Review of existing guidelines for cardiovascular disease and diabetes shows a continuing reliance on experience and expert opinion.
“There’s nothing like seeing a patient, recommending a guideline, wondering where the heck that came from, then realizing you served on the committee,” mused Sidney Smith, MD. Speaking at the 20th Annual Meeting and Clinical Congress of the American Association of Clinical Endocrinologists, Smith is president at the World Heart Federation, professor of medicine, and director at the Center for Cardiovascular Science and Medicine at the University of North Carolina, Chapel Hill. He reviewed current guidelines, including several hotly debated topics.

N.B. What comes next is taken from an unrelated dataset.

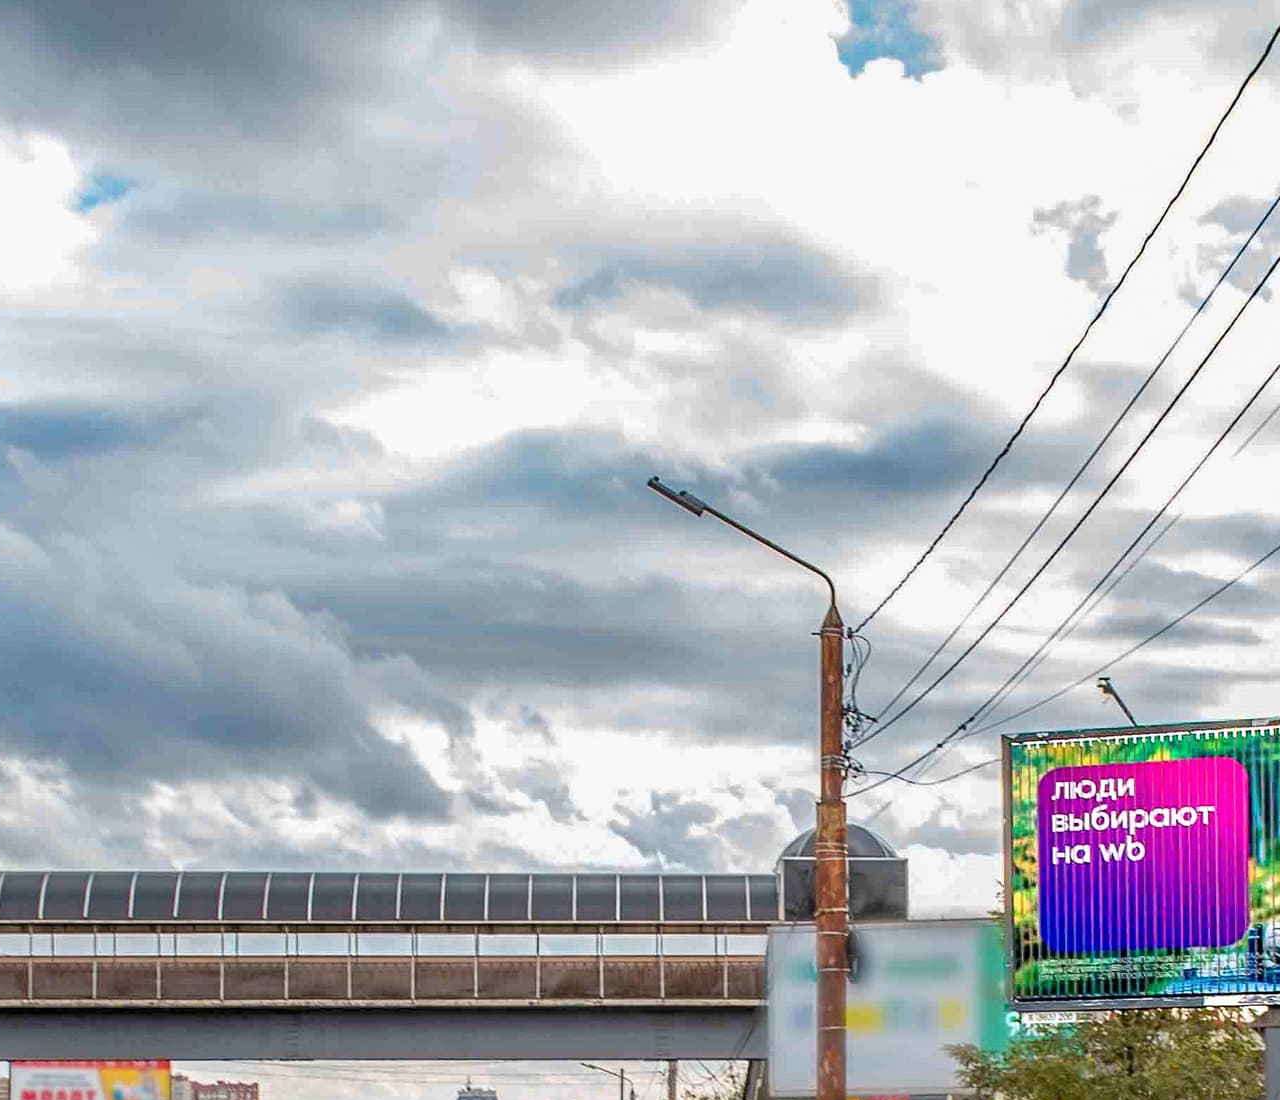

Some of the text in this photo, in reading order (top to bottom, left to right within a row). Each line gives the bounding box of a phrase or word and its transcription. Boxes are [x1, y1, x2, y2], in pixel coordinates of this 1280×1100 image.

[1051, 777, 1135, 802] люди
[1051, 804, 1216, 835] выбирают
[1052, 835, 1146, 865] на wb

According to the Institute of Medicine (IOM), in its current form, habits, and environment, American healthcare is incapable of providing the public with the quality health care it expects and deserves. “To my way of thinking,” said Smith, “those are strong words.” Nevertheless, Smith noted a serious lack of scientific evidence underlying ACC/AHA clinical practice guidelines. He decided he wanted to look at every ACC/AHA guideline ever written. After examining 53 guidelines, he found that much of what we do is still related to experience and expert opinion. There were only three guidelines from the ACC/AHA that have 20% of their recommendations based on evidence level A. Ten out of 17 guidelines had 50% of their recommendations based on expert opinion. The good news was that one guideline, on secondary prevention, had more than 90% of its recommendations based on evidence.

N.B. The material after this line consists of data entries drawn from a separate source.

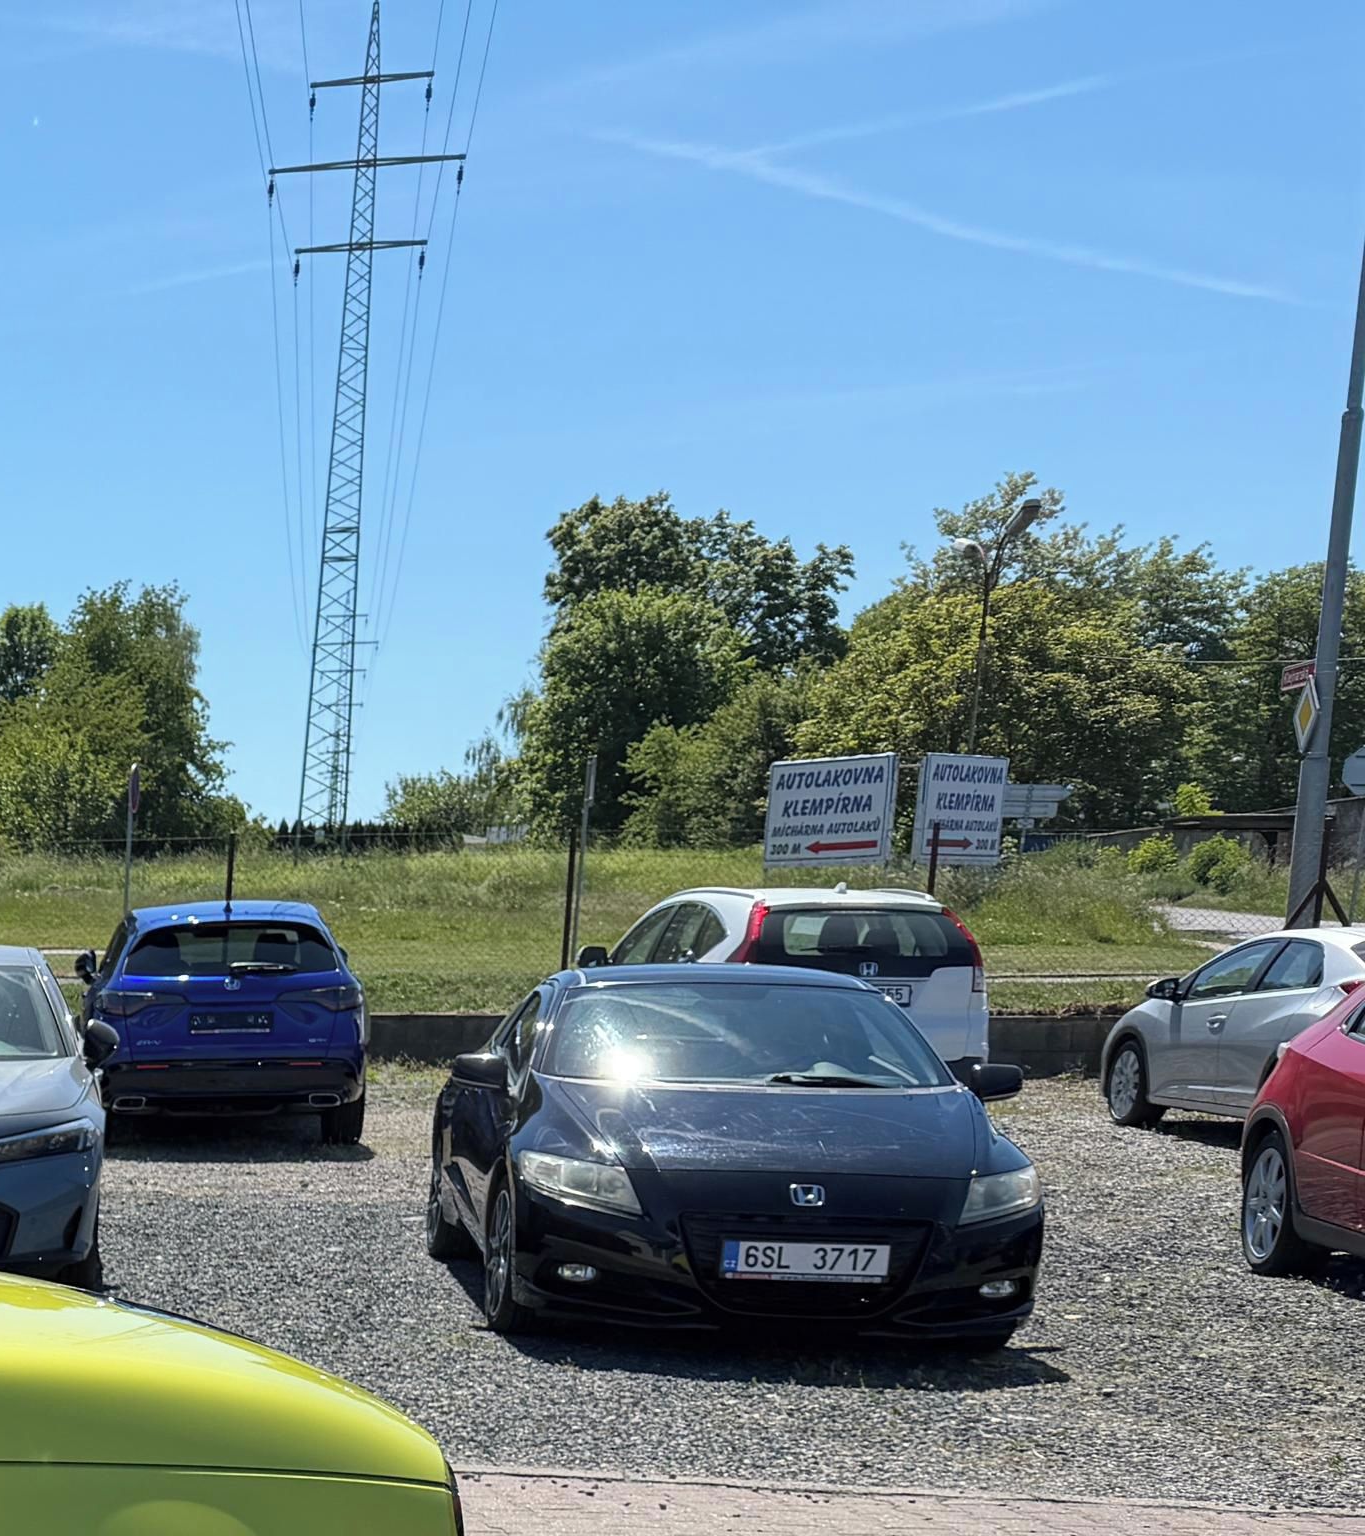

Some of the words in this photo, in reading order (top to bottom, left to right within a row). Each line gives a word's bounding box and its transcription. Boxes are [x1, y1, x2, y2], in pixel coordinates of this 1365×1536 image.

[776, 766, 884, 791] AUTOLAKOVNA
[933, 763, 1003, 785] AUTOLAKOVNA
[781, 792, 873, 818] KLEMPÍRNA
[936, 790, 995, 812] KLEMPÍRNA
[772, 822, 824, 838] MÍCHÁRNA
[827, 816, 881, 835] AUTOLAKŮ
[770, 843, 785, 855] 300
[790, 843, 801, 855] M
[724, 1260, 737, 1268] CZ
[744, 1245, 790, 1269] 6SL
[813, 1247, 877, 1271] 3717

One guideline recommendation Smith focused on was with regard to LDL. He questioned the basis for current recommendations, citing several studies. There has been a correlation between coronary heart disease (CHD) events and LDL-C levels, and existing recommendations are that if a patient has a history of CHD (including diabetes) and LDL is over 130 mg/dL, the patient needs to be on a statin; if LDL is under 100 mg/dL, then statins are unnecessary. However, Smith cited a heart protection study on patients age 40-80, who had diabetes and/or were at high risk. All were started on a statin, but results showed that it did not make a difference where LDL was. After reviewing results from several studies, the consensus was to eliminate the guideline stating optimal LDL should be between 100-130 mg/dL. Instead, Smith said we need to get LDL to less than 100 mg/dL, or less than 70 if a patient is at high risk. In the Cholesterol Treatment Trialists study, after evaluating 14 trials, significant benefits were observed across the board in terms of lowering LDL, with a 20% reduction in vascular events for every 1 mmol/dL reduction in LDL.

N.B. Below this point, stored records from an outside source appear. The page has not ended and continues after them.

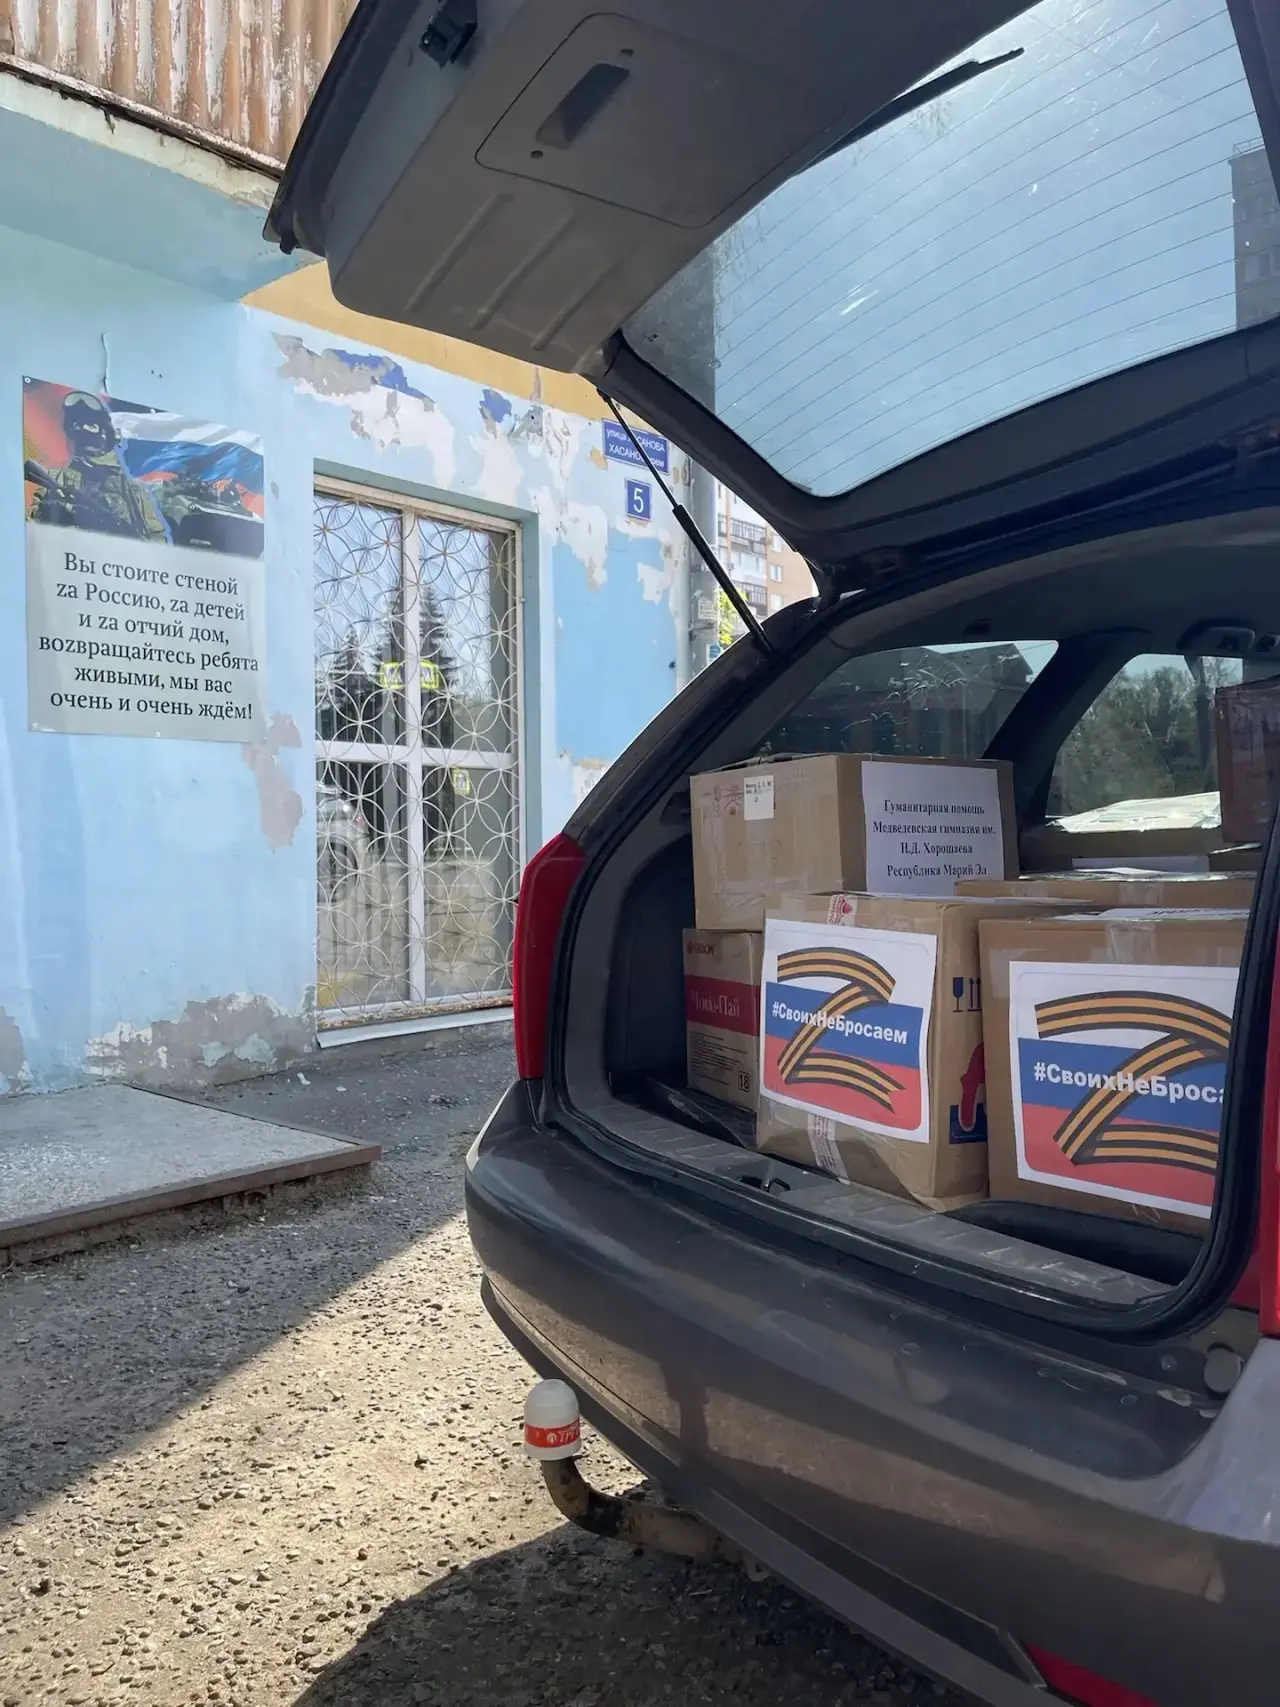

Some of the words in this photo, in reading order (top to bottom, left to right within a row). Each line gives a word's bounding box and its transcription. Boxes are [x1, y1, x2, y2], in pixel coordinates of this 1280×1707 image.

[607, 429, 626, 441] улица
[628, 437, 665, 452] САНОВА
[609, 444, 644, 462] ХАСАНО
[634, 488, 643, 513] 5
[63, 552, 95, 575] Вы
[102, 562, 169, 584] стоите
[175, 570, 238, 595] стеной
[85, 583, 165, 612] Россию,
[194, 599, 245, 622] детей
[79, 613, 91, 628] и
[125, 616, 183, 638] отчий
[189, 624, 229, 646] дом,
[200, 651, 259, 672] ребята
[74, 666, 165, 691] живыми,
[170, 676, 199, 691] мы
[204, 677, 232, 693] вас
[51, 693, 112, 711] очень
[119, 698, 131, 712] и
[137, 698, 193, 716] очень
[198, 701, 252, 720] ждём!
[884, 800, 948, 815] Гуманитарная
[951, 805, 984, 814] помощь
[873, 821, 937, 834] Медведевская
[940, 825, 980, 834] гимназия
[982, 826, 996, 835] им.
[900, 842, 920, 855] Н.Д.
[887, 865, 941, 879] Республика
[944, 864, 973, 878] Марий
[976, 864, 987, 875] Эл
[772, 1001, 908, 1044] #СвоихНеБросаем
[739, 1073, 749, 1090] 18

In general, Smith said, progressive benefits exist for LDL-C lowering below 70 mg/dL. He concluded by reviewing several new AHA guidelines for CV risk assessment (not necessarily treatment). He said, “But my feeling is that we can’t just look at LDL.” We need to consider presence of diabetes, smoking, and other risk factors for vascular disease. Regardless, there is no disputing we are better off with lower LDL. He also wanted to clear up a common misconception. “The data that statin therapy causes cancer is just not supported by available trial evidence.”